Personal information
- Born: Matthew Tremont March 9, 1989 (age 37) Atlantic City, New Jersey

Professional wrestling career
- Ring name(s): The Bulldozer "Father" Matthew Tremont Matt Tremont Killdozer The Black Abdullah the Butcher
- Billed height: 5 ft 9 in (1.75 m)
- Billed weight: 250 lb (110 kg)
- Billed from: Atlantic City, New Jersey
- Trained by: Pryme Tyme Amy Lee
- Debut: January 27, 2007

= Matt Tremont =

American professional wrestler

Matthew Tremont (born March 9, 1989) is an American professional wrestler and promoter, He currently performs on the independent circuit – predominantly for Game Changer Wrestling (GCW), where he is the former two-time GCW Ultraviolent Champion. He is also a former one-time GCW World Tag Team Champion, with Nick Gage, and the final GCW Extreme Champion.

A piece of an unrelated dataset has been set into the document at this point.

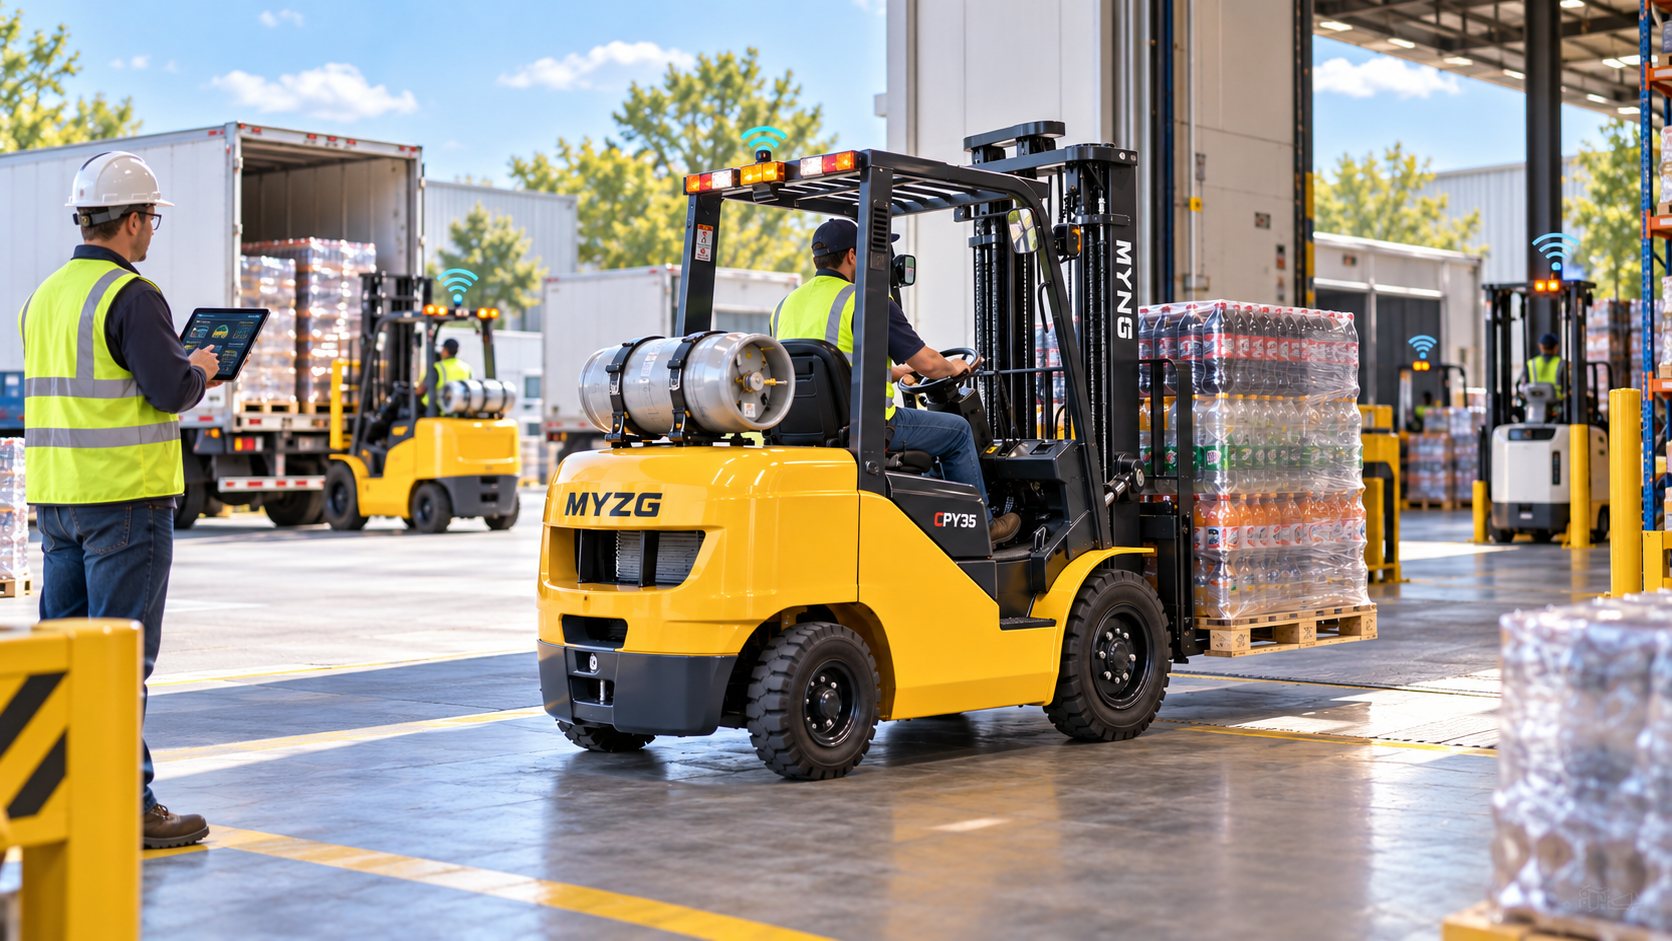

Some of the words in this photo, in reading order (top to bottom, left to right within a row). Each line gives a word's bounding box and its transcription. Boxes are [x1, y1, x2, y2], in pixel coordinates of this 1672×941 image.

[1116, 239, 1133, 340] MYNG
[564, 492, 663, 518] MYZG
[933, 511, 977, 528] CPY35

Among his honours, he is a one-time CZW World Heavyweight Champion and one-time GCW World Champion. He also has the distinction of being the only wrestler to win all the major American deathmatch tournaments: Tournament Of Death once, Masters of Pain once and King of the Deathmatch twice. As such, he is often referred to as "The Grandslam Champion" of deathmatch.

Outside of wrestling, Tremont owns a store in the Berlin Farmers Market called Bulldozer's Collectibles.

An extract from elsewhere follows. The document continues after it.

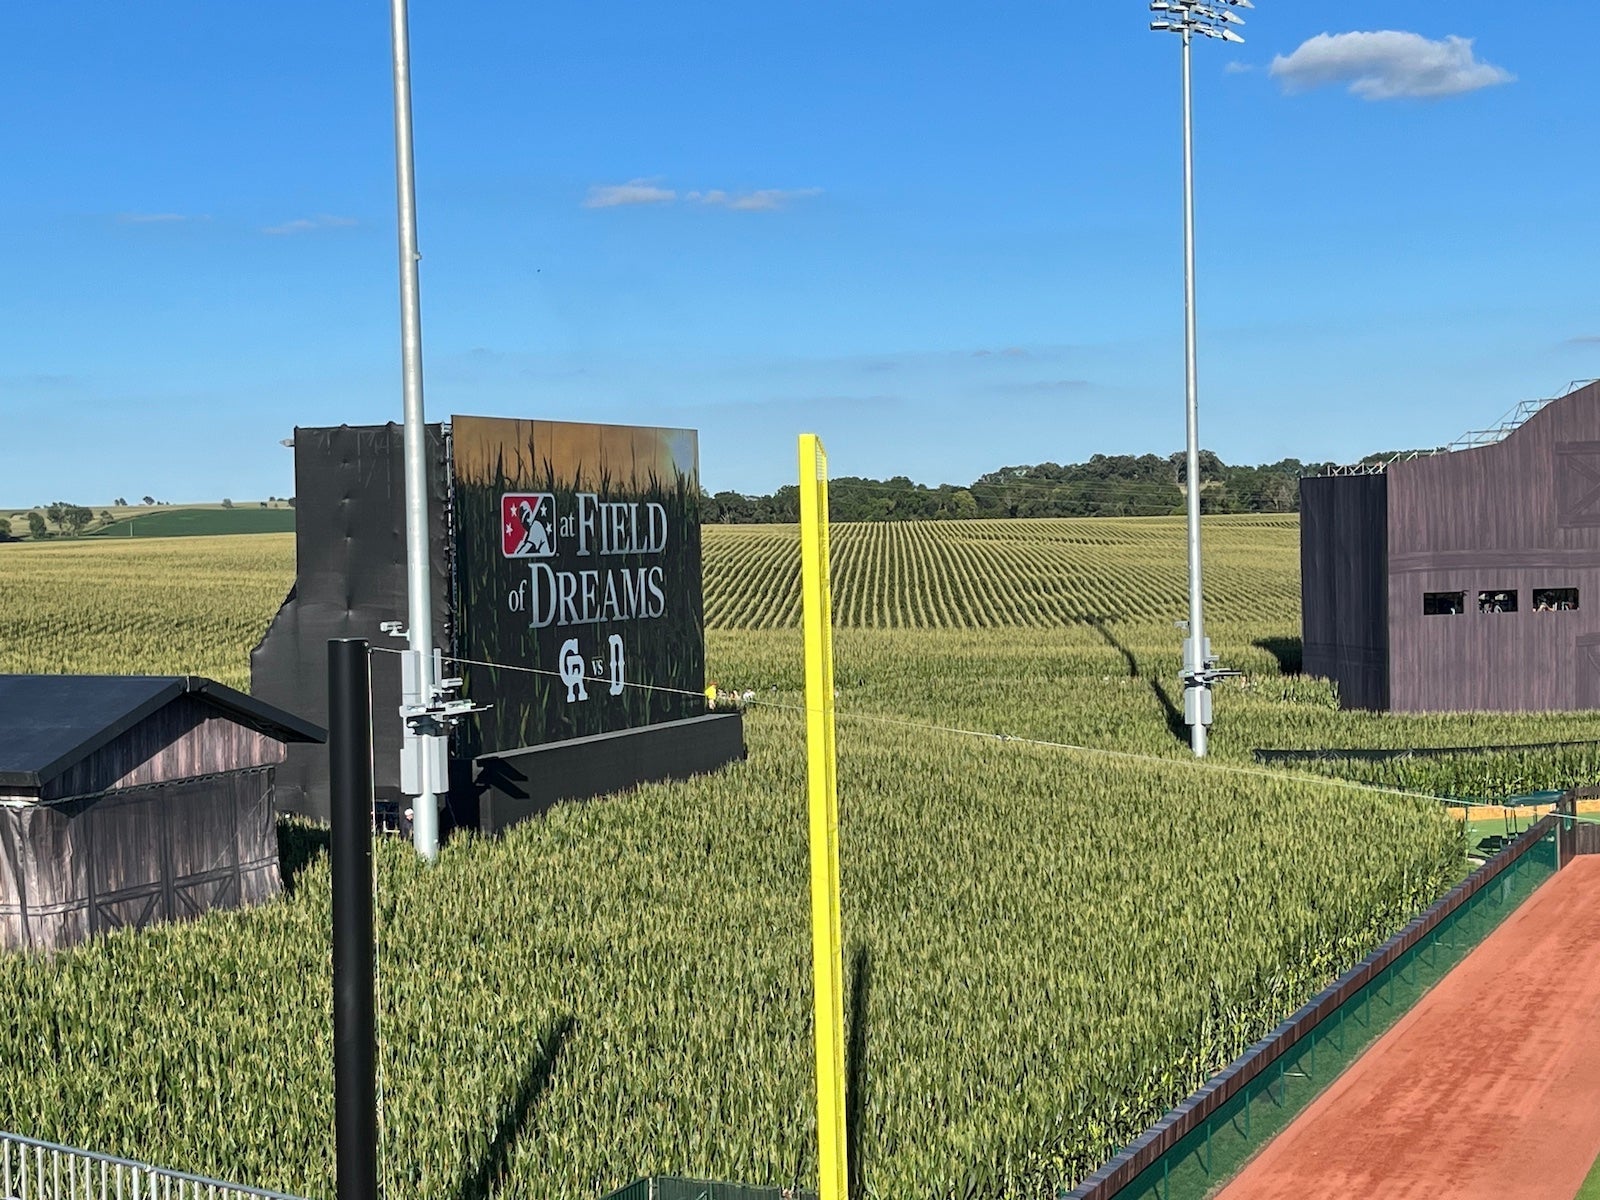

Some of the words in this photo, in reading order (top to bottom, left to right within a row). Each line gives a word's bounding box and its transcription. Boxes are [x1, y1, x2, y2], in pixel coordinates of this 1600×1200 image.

[560, 514, 575, 537] at
[575, 492, 668, 556] FIELD
[508, 579, 527, 613] of
[528, 562, 665, 629] DREAMS

==Professional wrestling career==

===Combat Zone Wrestling (2011–2019)===
Tremont made his Combat Zone Wrestling debut at Prelude to Violence defeating Pinkie Sanchez in a Tournament of Death X Qualifying Ultraviolent Rules on June 11, 2011. Tremont made his first Tournament of Death appearance at TOD X, defeating Necro Butcher in a "Water Jugs, Bats & Anything Else you Can Swing Match" in the quarterfinals. He was eliminated by MASADA in the semifinals in a "Kenzans, Whips & Anything Else we Can F***ing Find Match". Tremont began a small feud with Danny Havoc at Cage of Death 13 in an Ultraviolent Pits deathmatch which soon culminated at CZW Super Saturday, when Havoc defeated Tremont in an Ultraviolent Rules match. Tremont made his second Tournament of Death appearance at Tournament of Death XI, losing to Abdullah Kobayashi in the first round in an "Ultraviolent Bats" match.

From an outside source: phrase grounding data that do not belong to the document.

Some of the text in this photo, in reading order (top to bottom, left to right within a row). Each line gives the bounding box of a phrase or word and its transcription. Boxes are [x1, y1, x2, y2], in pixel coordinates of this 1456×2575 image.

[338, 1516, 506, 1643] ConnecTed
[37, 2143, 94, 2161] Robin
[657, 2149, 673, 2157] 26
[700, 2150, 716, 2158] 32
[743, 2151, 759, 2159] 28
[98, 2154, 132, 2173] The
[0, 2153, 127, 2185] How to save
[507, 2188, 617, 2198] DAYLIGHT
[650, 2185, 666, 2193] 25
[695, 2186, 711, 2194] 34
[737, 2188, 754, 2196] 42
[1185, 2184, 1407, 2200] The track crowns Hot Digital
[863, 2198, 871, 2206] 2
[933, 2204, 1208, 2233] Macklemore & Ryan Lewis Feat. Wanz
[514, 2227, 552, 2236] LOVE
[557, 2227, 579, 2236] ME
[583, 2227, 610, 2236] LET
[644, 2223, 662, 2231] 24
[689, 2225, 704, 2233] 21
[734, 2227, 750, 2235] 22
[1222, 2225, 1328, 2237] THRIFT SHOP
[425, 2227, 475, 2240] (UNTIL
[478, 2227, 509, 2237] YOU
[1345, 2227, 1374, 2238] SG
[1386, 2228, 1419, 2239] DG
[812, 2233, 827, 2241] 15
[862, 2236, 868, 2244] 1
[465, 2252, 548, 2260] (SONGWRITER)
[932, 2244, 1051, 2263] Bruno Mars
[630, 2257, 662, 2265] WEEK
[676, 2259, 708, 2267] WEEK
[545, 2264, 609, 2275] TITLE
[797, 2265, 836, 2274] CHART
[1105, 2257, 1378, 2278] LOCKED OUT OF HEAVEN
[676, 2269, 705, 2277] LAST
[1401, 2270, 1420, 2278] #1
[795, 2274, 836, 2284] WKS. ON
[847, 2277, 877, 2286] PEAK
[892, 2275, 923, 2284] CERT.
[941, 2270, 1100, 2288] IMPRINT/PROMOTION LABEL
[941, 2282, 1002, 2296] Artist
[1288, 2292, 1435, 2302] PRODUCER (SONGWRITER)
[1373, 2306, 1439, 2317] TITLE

Tremont began to feud with CZW owner D. J. Hyde throughout 2012, beginning at Tangled Web V as Hyde was the victor. He was subsequently fired at Down With The Sickness, after defeating Solo with a very stiff chair shot to the head, ending the bout at 35 seconds. Tremont got back on the microphone and repeated "Redemption" over and over again. At Night of Infamy, Hyde cut a promo on not reinstating Tremont. This prompted the locker room to walk out and quit if Tremont is not reinstated, but Hyde insisted if Tremont wins a match he could be reinstated. He would team up with New Jack the same night, defeating Joe Gacy and Ron Mathis. Tremont was successful at Cage of Death XIV, winning with a Death Valley driver off the top of the cage through three levels of panes of glass and a stage setup on the outside. After the match, the entire locker room congratulated Tremont for his efforts.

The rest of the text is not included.